Transcribe the records that follow in their entirety, omitting any pictures.
::::::
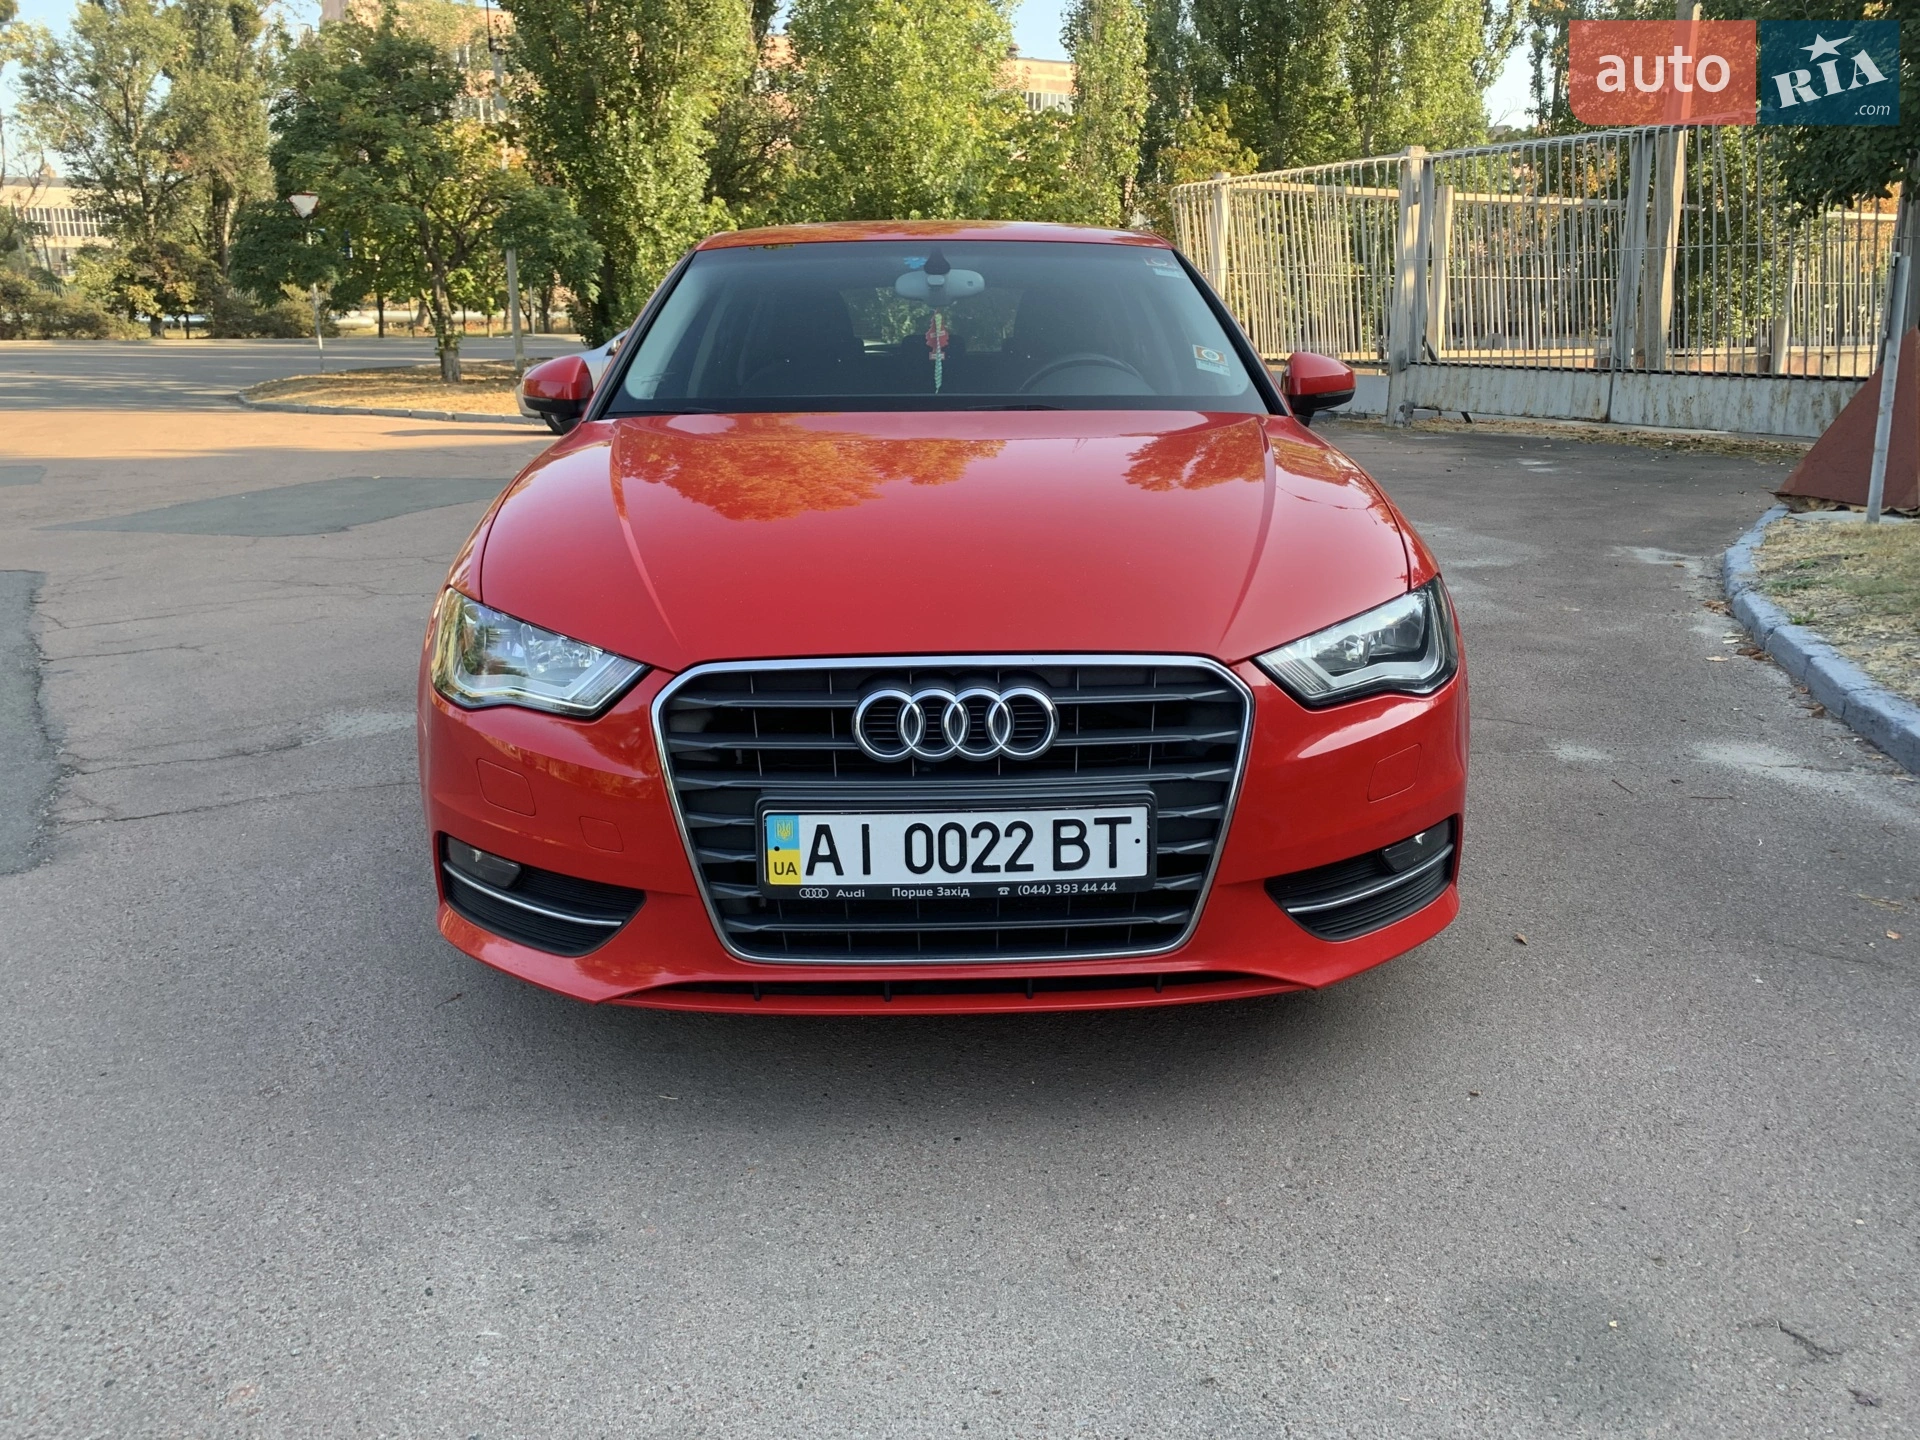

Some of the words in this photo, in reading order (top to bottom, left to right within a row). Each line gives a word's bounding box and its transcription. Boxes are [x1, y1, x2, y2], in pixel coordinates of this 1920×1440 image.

[805, 823, 871, 876] AI
[904, 821, 1034, 874] 0022
[1052, 816, 1132, 872] BT
[773, 862, 798, 876] UA
[836, 889, 865, 898] Audi
[892, 887, 934, 899] Порше
[936, 886, 970, 897] Захід
[1017, 884, 1051, 896] (044)
[1054, 883, 1079, 894] 393
[1081, 883, 1098, 893] 44
[1100, 882, 1117, 892] 44
::::::
### EXERCISE SOLUTION
Some of the words in this photo, in reading order (top to bottom, left to right within a row). Each line gives a word's bounding box and its transcription. Boxes are [x1, y1, x2, y2], in pixel coordinates of this 1920×1440 image.

[805, 823, 871, 876] AI
[904, 821, 1034, 874] 0022
[1052, 816, 1132, 872] BT
[773, 862, 798, 876] UA
[836, 889, 865, 898] Audi
[892, 887, 934, 899] Порше
[936, 886, 970, 897] Захід
[1017, 884, 1051, 896] (044)
[1054, 883, 1079, 894] 393
[1081, 883, 1098, 893] 44
[1100, 882, 1117, 892] 44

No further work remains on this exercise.